VA still lacks a clear picture of its workforce needs, auditors say

The Department of Veterans Affairs anticipates it will develop an enterprise wide staffing model for direct patient care positions by 2022, with the goal of...

The Department of Veterans Affairs doesn’t have a clear sense of how many people it needs to accomplish certain tasks, particularly those with direct patient care roles, the agency’s inspector general said.

A VA-wide staffing model — one that tracks mission needs by facility and then determines the manpower requirements necessary to meet those demands — is still in the works, and the efforts to develop a cohesive one have been disjointed and often mired in confusion, the VA IG said in a recent report.

Without clear staffing models, VA and the Veterans Health Administration don’t have consistent ways of determining how many employees they need, auditors said. VA is the second-largest federal agency.

The department plans to develop initial staffing models for all direct-care positions by fiscal 2022, with the goal of validating them by 2024. VA told the IG it may develop new models more quickly, if it has more staff to work on them.

VA has long struggled to fill vacancies, particularly at VHA, which tracked 29,787 vacancies as of March of this year, according to the most recent public data available. Those numbers are an improvement over recent years, when VA consistently tracked 40,000-to-50,000 vacancies across the system.

Those numbers have actually improved in recent years, particularly as the VHA has hired more staff more quickly during the COVID-19 pandemic. As of the end of March, VA had nearly 8,000 COVID-19 employees on board, according to the latest public data. The overwhelming majority of new hires since the pandemic work for VHA.

The department has said many of its COVID-19 hires will become permanent VA employees, in part, to support a surge in demand for health care as veterans pursue treatment they postponed during the early days of the pandemic. VA’s 2022 budget request supports the conversion of those temporary hires for the pandemic to permanent employees, Secretary Denis McDonough has said.

While the number of severe staffing shortages at VHA has decreased since 2018, at least two-thirds of the department’s medical facilities say that they have fewer staff than needed to meet operational demands in five clinical and five non-clinical positions, the IG said.

A lack of qualified applicants, turnover, noncompetitive salaries and other recruitment challenges are all reasons for the staffing shortages at VHA, facility leaders told the IG.

The department has developed and validated one staffing model for caregiver support staff. Others are developed but not validated, the IG said.

But individual Veterans Integrated Service Networks (VISNs) have their own methods for defining staffing needs and workload projections.
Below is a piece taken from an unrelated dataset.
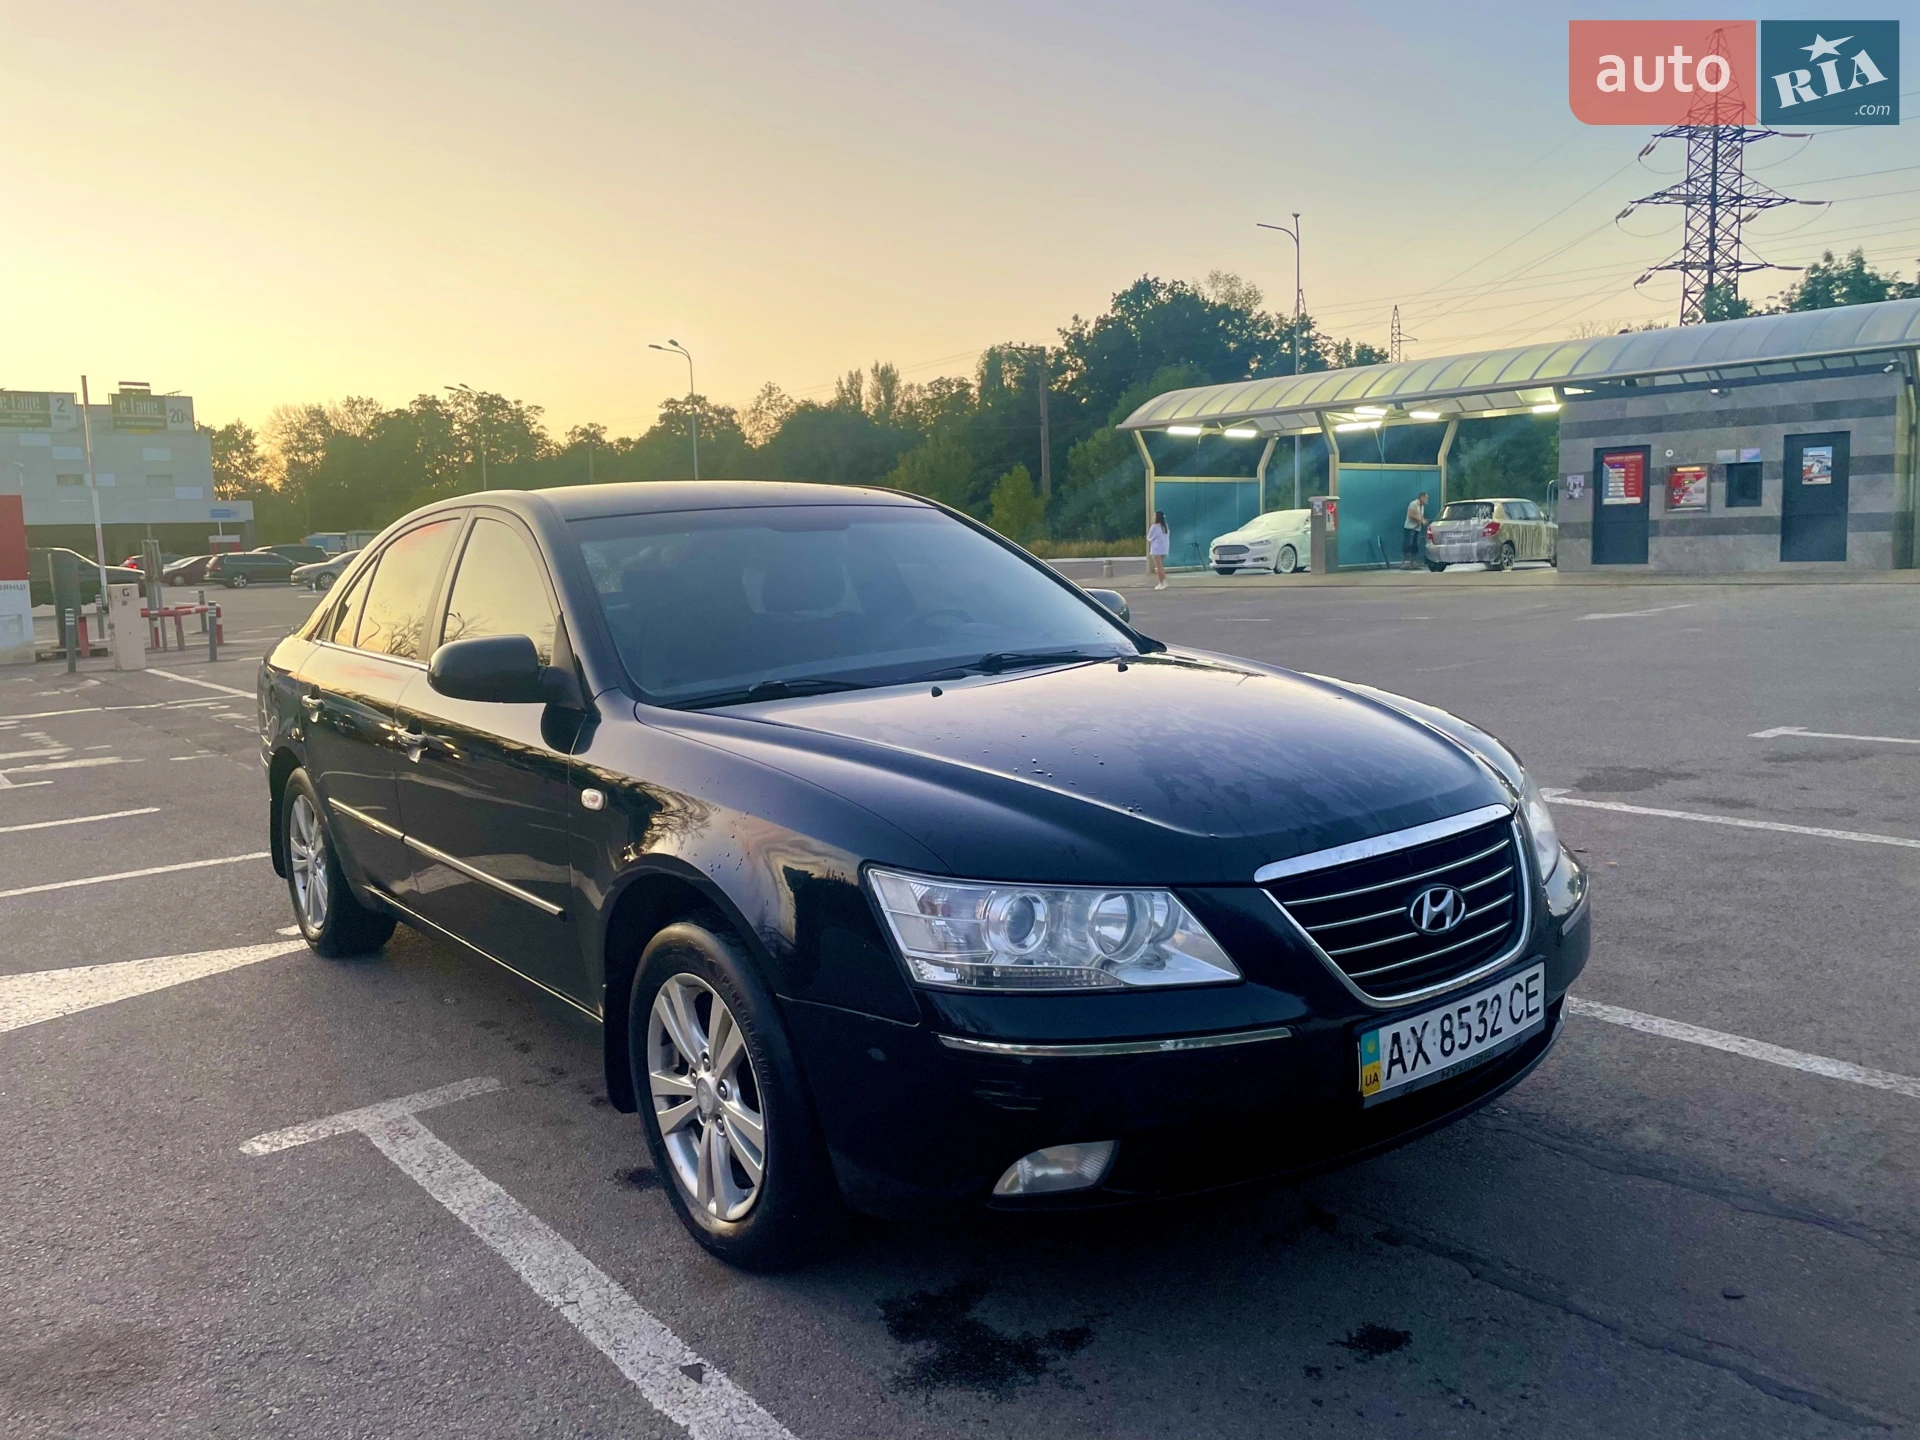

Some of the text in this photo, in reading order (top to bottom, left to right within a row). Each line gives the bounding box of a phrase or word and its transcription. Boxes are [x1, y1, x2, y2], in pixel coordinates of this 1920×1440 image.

[56, 397, 66, 412] 2
[1386, 973, 1540, 1081] AX 8532 CE
[1365, 1074, 1379, 1087] UA
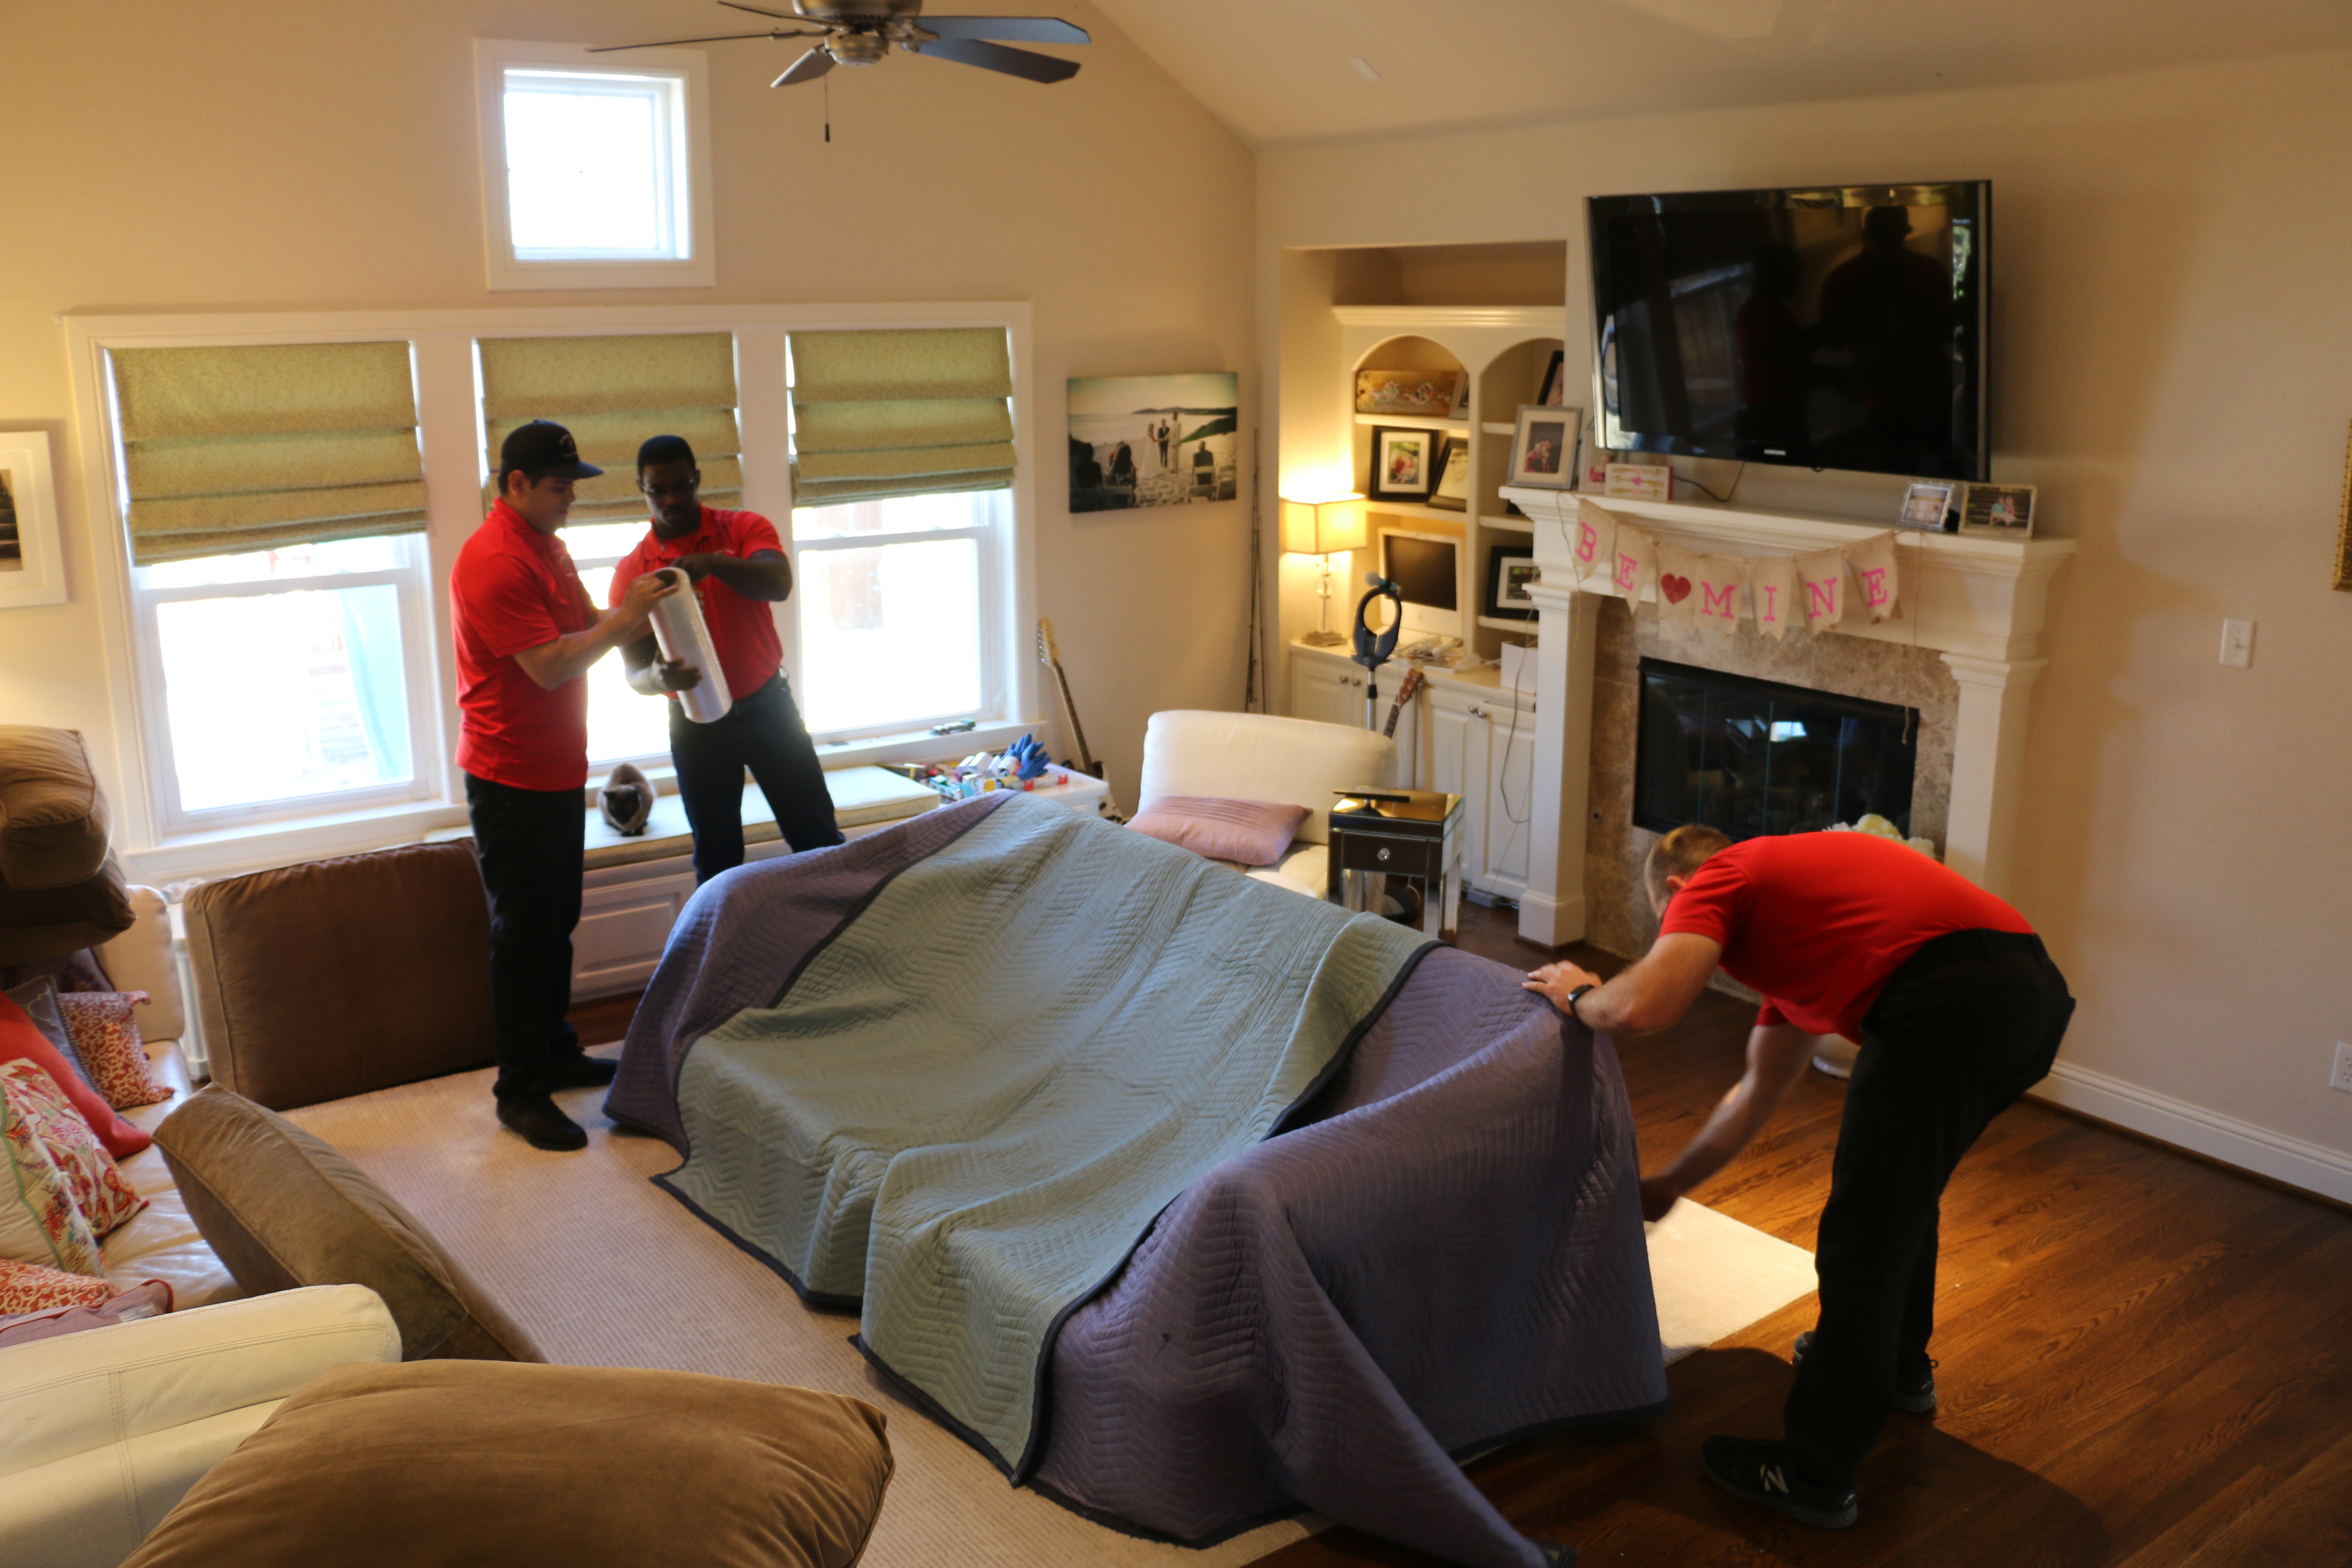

“Nearly half of the facilities were using local methods to determine their staffing level requirements,” auditors said. “This suggests there was a lack of consistency in how requirements were determined across VHA. Without some level of consistency across VHA in how requirements are determined, collected facility-level requirements cannot be aggregated in a reliable way to inform budget or workload.”

It doesn’t help that VA and VHA have different definitions of what a staffing model is, the IG said, and leaders at local facilities had varying knowledge and opinions of staffing models that already exist but haven’t been validated formally at the top levels of the department.

“Staffing models that produce a minimum level of staff required to meet demand were described as helpful,” the IG said. “However, VISN directors were concerned that a model determining a minimum level of staff would be used as a mandatory metric. VISN directors explained that budgetary restraints, or the inability to hire certain occupations due to a lack of qualified applicants, especially in more rural areas, often made mandatory staffing levels unachievable in certain occupations.”

The department doesn’t use any staffing models that do exist to inform its annual budget requests, auditors said. Instead, VA uses enrollee health care projections to inform and propose staffing levels in the annual budget, but the methodology has its flaws.

“Facility directors are allocated funds at the beginning of each year and must determine staffing needs to fit within that allocation,” the IG said. “VISN directors reported that facilities must make trade-offs in how they address such gaps based on available budget. Facilities are balancing efficiencies by taking positions away from one service with less demand to authorize new positions in a service with higher demand. This can create difficulties when position funds are authorized through different appropriations, such as clinical positions and administrative positions.”

In addition, the VA and VHA offices charged with developing staffing models are understaffed themselves, putting the department’s goals at risk.

The VA Manpower Office, for example, has 12 employees responsible for developing staffing models, validating them and providing other support. But these employees often receive additional responsibilities unrelated to the staffing model work, auditors said.

The IG urged VA to prioritize staffing model development, and the department agreed.